In univariable analyses, the risk of death was 18 % higher among HIV-positive than HIV-negative cervical cancer patients (hazard ratio [HR] 1.18, 95 %CI 0.88–1.58). After adjusting for age, ethnicity, tumour histology, and cancer stage at diagnosis, the association of HIV status with all-cause mortality became stronger (adjusted hazard ratio [aHR] 1.52, 95 %CI 1.06–2.19). Older age (≥60 versus < 40 years) was also associated with higher all-cause mortality in univariable (HR 2.01, 95 %CI 1.35–3.02) and multivariable analyses (aHR 2.24, 95 %CI 1.43–3.50). Ethnicity did not show a clear association with all-cause mortality (Table 3). In univariable analyses, patients with cervical adenocarcinoma had higher risk of dying than patients with SCC (HR 1.45, 95 %CI 1.03–2.06). The association between histological subtype and all-cause mortality was weaker in the multivariable analysis (aHR 1.28, 95 %CI 0.86–1.91). The proportional hazards assumption did not hold (p-value from Schoenfeld residual test = 0.005) for cancer stage at diagnosis with a steep drop in survival probabilities for those with metastasised cancer early after diagnosis (Supplementary Figure S1). We found a fourfold higher mortality among patients with metastasised cancer at diagnosis than those with localised cancer at diagnosis during the first nine months of follow-up after cervical cancer diagnosis (aHR 3.94, 95 %CI 2.47–6.28), whereas the association of cancer stage with all-cause mortality became less pronounced more than nine months after cancer diagnosis (aHR 1.37, 95 %CI 0.73–2.58). All-cause survival was slightly better in HIV-positive patients on ART at cancer diagnosis than in those who had not initiated ART, but uncertainty around the estimates was large (Supplementary Figure S2).
Table 3.
Unadjusted and adjusted hazard ratios for all-cause mortality after cervical cancer diagnosis.
|
Unadjusted |
Adjusted |
||
|---|---|---|---|
| Characteristic | Deaths (N) | Hazard Ratio (95 % CI) | Hazard Ratio (95 % CI) |
| HIV status | |||
| Negative | 149 | 1 | 1 |
| Positive | 63 | 1.18 (0.88–1.58) | 1.52 (1.06–2.19) |
| Age category | |||
| <40 years | 36 | 1 | 1 |
| 40–59 years | 105 | 1.07 (0.73–1.56) | 1.11 (0.75–1.64) |
| ≥60 years | 71 | 2.01 (1.35–3.02) | 2.24 (1.43–3.50) |
| Ethnicity* | |||
| Black | – | 1 | 1 |
| Other** | – | 0.73 (0.52–1.03) | 0.72 (0.49–1.06) |
| Histological tumour type* | |||
| Squamous cell carcinoma | – | 1 | 1 |
| Adenocarcinoma | – | 1.45 (1.03–2.06) | 1.28 (0.86–1.91) |
| Other | – | 1.53 (0.81–2.91) | 1.60 (0.84–3.07) |
| Cancer stage (mortality up to 9 months) | |||
| Localised | 67 | 1 | 1 |
| Metastasised | 27 | 4.37 (2.79–6.84) | 3.94 (2.47–6.28) |
| Cancer stage (mortality after 9 months) | |||
| Localised | 107 | 1 | 1 |
| Metastasised | 11 | 1.54 (0.83–2.87) | 1.37 (0.73–2.58) |
* Missing values for ethnicity and histological tumour type were imputed using multiple imputation.
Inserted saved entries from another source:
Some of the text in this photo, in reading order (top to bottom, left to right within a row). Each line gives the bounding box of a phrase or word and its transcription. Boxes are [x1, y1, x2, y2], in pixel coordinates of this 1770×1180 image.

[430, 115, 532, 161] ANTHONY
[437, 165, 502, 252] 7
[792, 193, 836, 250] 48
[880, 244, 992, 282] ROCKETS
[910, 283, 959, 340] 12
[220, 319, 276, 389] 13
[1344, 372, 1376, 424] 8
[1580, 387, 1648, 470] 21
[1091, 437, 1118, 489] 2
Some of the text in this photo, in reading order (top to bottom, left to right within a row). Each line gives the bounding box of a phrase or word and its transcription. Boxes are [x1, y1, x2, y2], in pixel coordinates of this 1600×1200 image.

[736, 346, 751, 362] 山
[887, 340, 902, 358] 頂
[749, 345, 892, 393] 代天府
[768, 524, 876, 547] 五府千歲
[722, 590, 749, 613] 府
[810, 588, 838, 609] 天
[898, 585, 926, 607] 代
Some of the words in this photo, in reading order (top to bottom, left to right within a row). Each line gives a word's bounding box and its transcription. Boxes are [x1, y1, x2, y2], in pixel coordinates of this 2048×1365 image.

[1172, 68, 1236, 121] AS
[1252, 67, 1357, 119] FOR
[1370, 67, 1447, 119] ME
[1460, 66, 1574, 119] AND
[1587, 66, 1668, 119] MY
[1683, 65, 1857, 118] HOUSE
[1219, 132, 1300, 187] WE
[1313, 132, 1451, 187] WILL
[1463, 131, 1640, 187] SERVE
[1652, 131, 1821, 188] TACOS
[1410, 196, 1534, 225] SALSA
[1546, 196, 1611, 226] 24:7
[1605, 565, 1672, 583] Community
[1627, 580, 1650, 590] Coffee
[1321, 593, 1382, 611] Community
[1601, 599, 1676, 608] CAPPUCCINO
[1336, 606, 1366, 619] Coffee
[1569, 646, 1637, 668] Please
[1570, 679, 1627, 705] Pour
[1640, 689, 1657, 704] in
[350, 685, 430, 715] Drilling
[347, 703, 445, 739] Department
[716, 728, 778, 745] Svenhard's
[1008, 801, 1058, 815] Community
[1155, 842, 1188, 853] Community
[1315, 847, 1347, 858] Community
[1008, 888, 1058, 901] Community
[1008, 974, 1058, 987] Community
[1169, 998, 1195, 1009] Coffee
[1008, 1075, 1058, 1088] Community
** Other include White, Indian/Asian, and Mixed ancestry ethnicities.
CI, confidence interval.
The adjusted hazard ratios for HIV status, age, and ethnicity, are obtained from a single model stratified with respect to the cancer stage variable. The hazard ratios (both adjusted and unadjusted) for cancer stage are obtained from separate models, one censoring time-at-risk at 9 months, and another starting time-at-risk at 9 months.
3.3. Sensitivity analyses
Sensitivity analyses that included patients with missing values on ethnicity and histological tumour type as a separate category yielded similar results for cancer treatment (Supplementary Table S3) and all-cause mortality (Supplementary Table S4).
4. Discussion
In South Africa, HIV-positive cervical cancer patients receiving cancer treatment within six months of diagnosis, had a 50 % higher all-cause mortality rate than their HIV-negative counterparts after adjusting for age, ethnicity, histological tumour type, and metastases at diagnosis. Crude all-cause five-year survival was 40 % for HIV-positive and 43 % for HIV-negative patients. HIV-positive patients were more likely to be treated with radiotherapy and chemotherapy and less likely to receive surgery than HIV-negative patients. Cervical adenocarcinomas were substantially less common in HIV-positive (4 %) than in HIV-negative patients (26 %).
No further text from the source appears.